● **Exercise**: Only the text is wanted; write out each record below exactly and exclude all pictures.

[Spatial localization data]
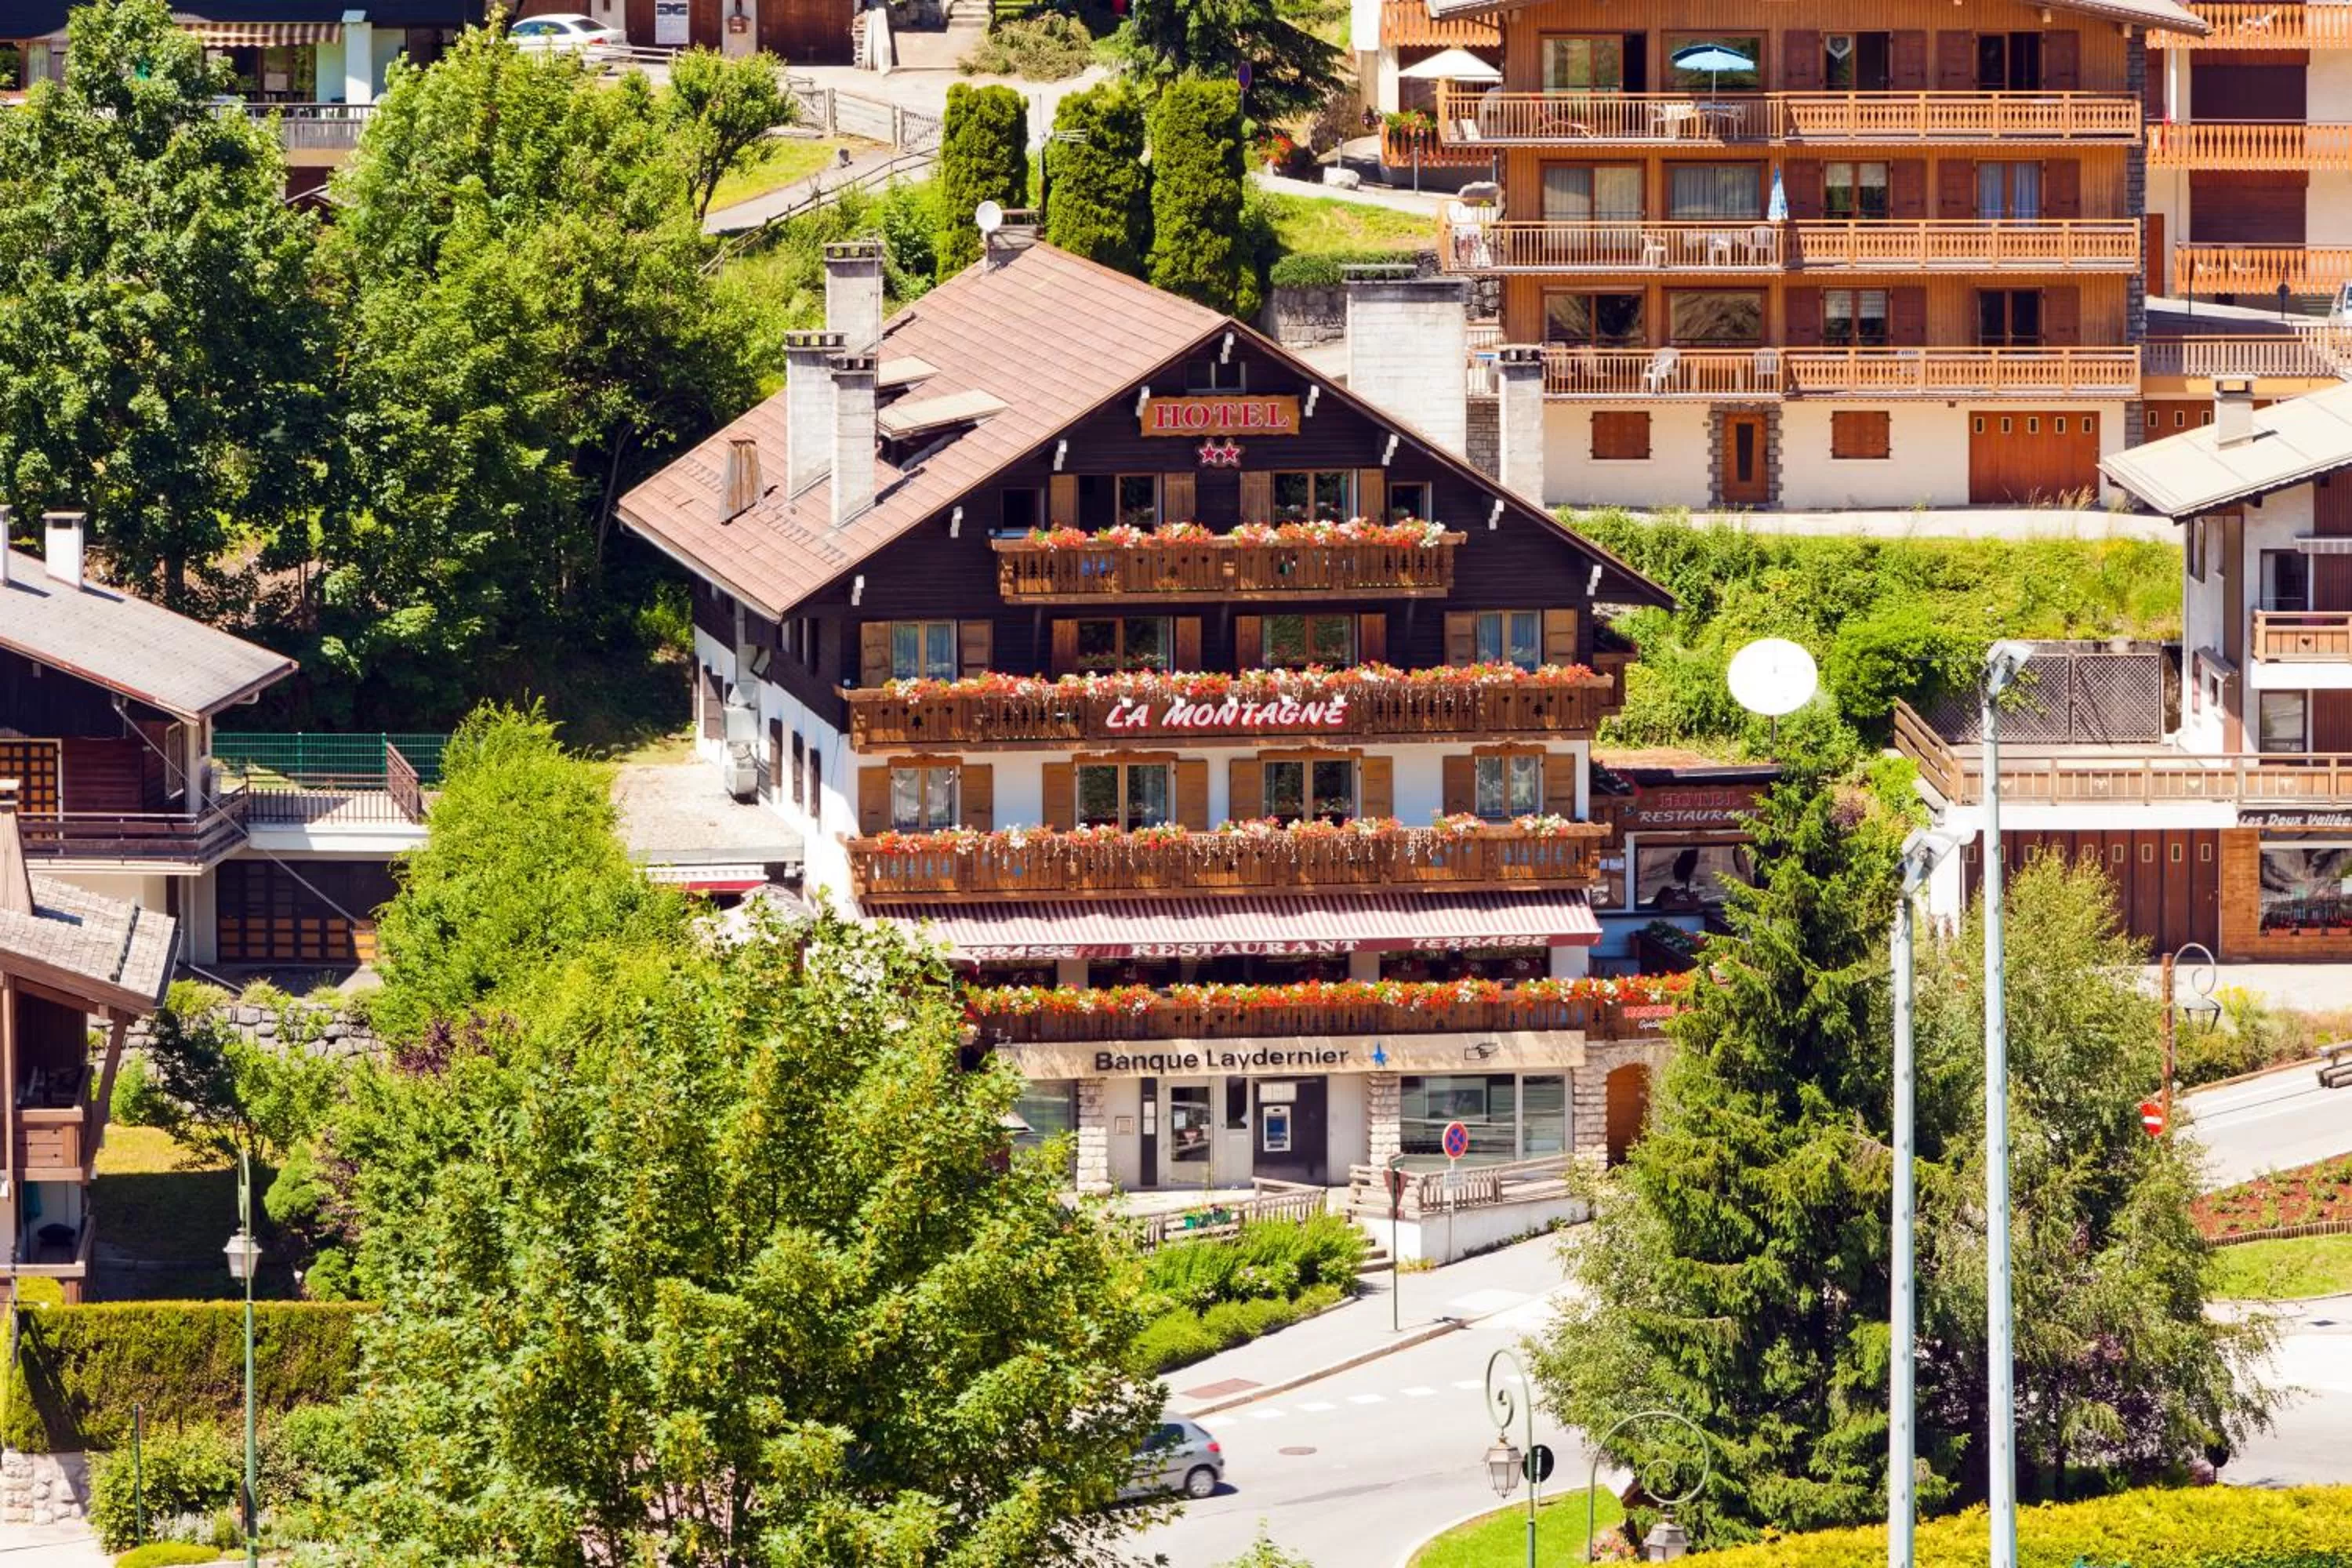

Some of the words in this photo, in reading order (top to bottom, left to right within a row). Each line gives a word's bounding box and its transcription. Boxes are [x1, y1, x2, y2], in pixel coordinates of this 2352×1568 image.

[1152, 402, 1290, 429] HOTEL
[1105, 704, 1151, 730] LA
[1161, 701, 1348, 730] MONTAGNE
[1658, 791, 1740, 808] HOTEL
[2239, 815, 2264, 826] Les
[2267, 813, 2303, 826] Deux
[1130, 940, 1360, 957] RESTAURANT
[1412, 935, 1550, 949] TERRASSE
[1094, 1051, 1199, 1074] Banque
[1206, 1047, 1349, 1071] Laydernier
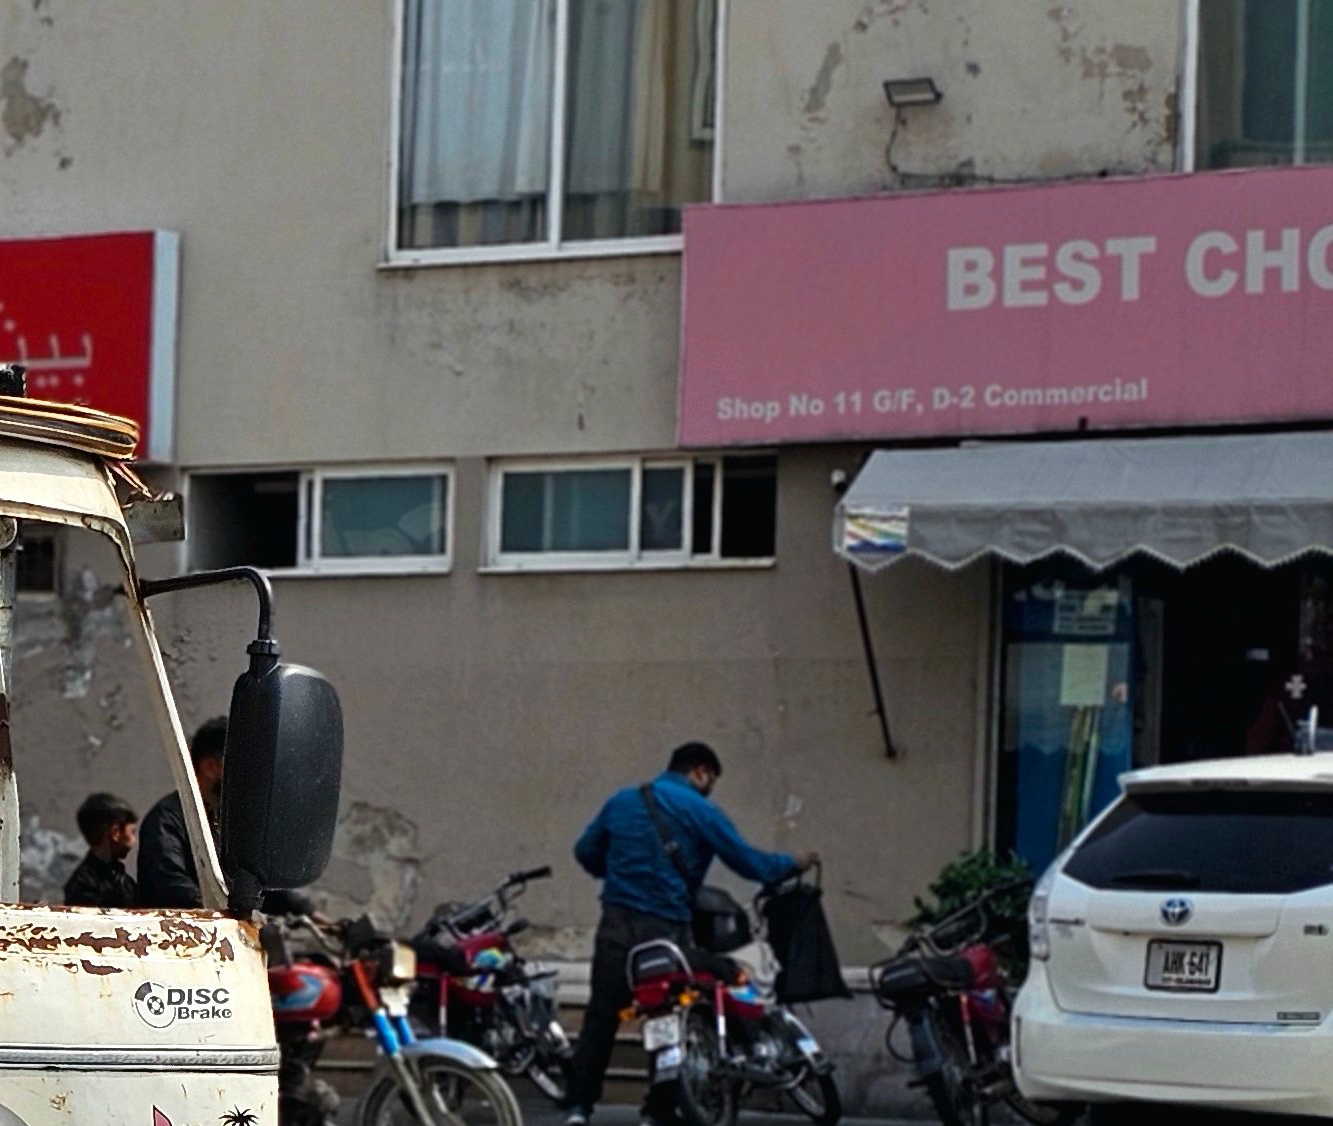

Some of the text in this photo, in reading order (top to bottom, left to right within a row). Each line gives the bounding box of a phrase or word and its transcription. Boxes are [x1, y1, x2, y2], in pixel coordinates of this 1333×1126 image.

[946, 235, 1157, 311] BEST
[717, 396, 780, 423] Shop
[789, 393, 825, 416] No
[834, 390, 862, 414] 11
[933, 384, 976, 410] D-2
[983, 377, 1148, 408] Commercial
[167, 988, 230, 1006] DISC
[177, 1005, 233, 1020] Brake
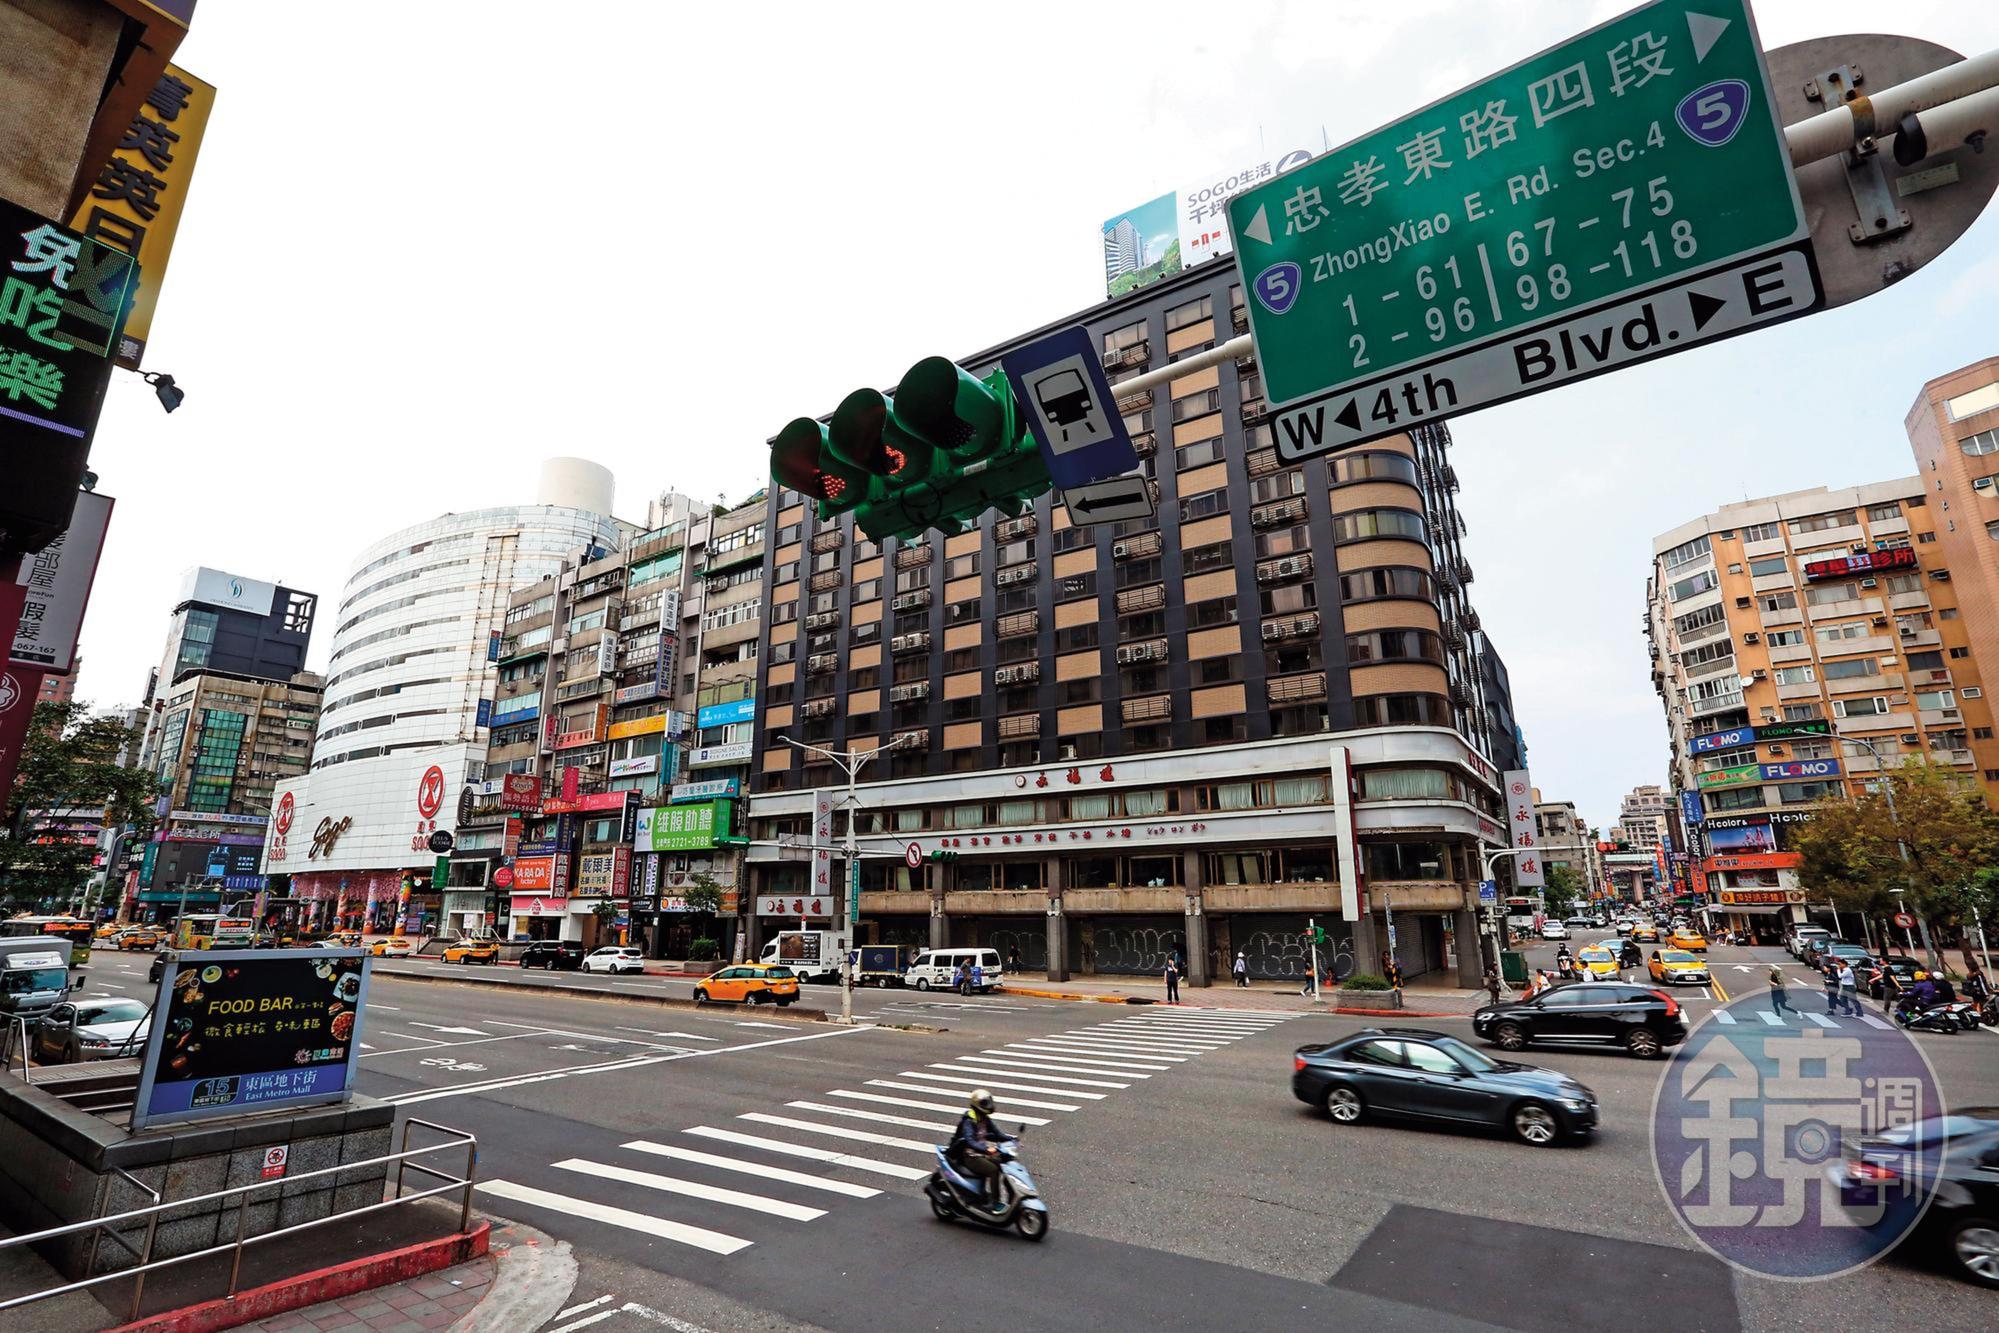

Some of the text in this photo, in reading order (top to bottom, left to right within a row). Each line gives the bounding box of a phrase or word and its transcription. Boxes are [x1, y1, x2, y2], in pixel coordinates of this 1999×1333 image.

● **Solution for this task**:
Some of the words in this photo, in reading order (top to bottom, left to right within a row). Each line gives a word's bounding box and its transcription. Boxes are [x1, y1, x2, y2], in pixel coordinates of this 2352×1568 image.

[1152, 402, 1290, 429] HOTEL
[1105, 704, 1151, 730] LA
[1161, 701, 1348, 730] MONTAGNE
[1658, 791, 1740, 808] HOTEL
[2239, 815, 2264, 826] Les
[2267, 813, 2303, 826] Deux
[1130, 940, 1360, 957] RESTAURANT
[1412, 935, 1550, 949] TERRASSE
[1094, 1051, 1199, 1074] Banque
[1206, 1047, 1349, 1071] Laydernier

Some of the text in this photo, in reading order (top to bottom, left to right within a row). Each line gives the bounding box of a phrase or word and its transcription. Boxes are [x1, y1, x2, y2], in pixel coordinates of this 1333×1126 image.

[946, 235, 1157, 311] BEST
[717, 396, 780, 423] Shop
[789, 393, 825, 416] No
[834, 390, 862, 414] 11
[933, 384, 976, 410] D-2
[983, 377, 1148, 408] Commercial
[167, 988, 230, 1006] DISC
[177, 1005, 233, 1020] Brake

Some of the text in this photo, in reading order (top to bottom, left to right within a row). Each line gives the bounding box of a phrase or word and its transcription. Boxes are [x1, y1, x2, y2], in pixel coordinates of this 1999×1333 image.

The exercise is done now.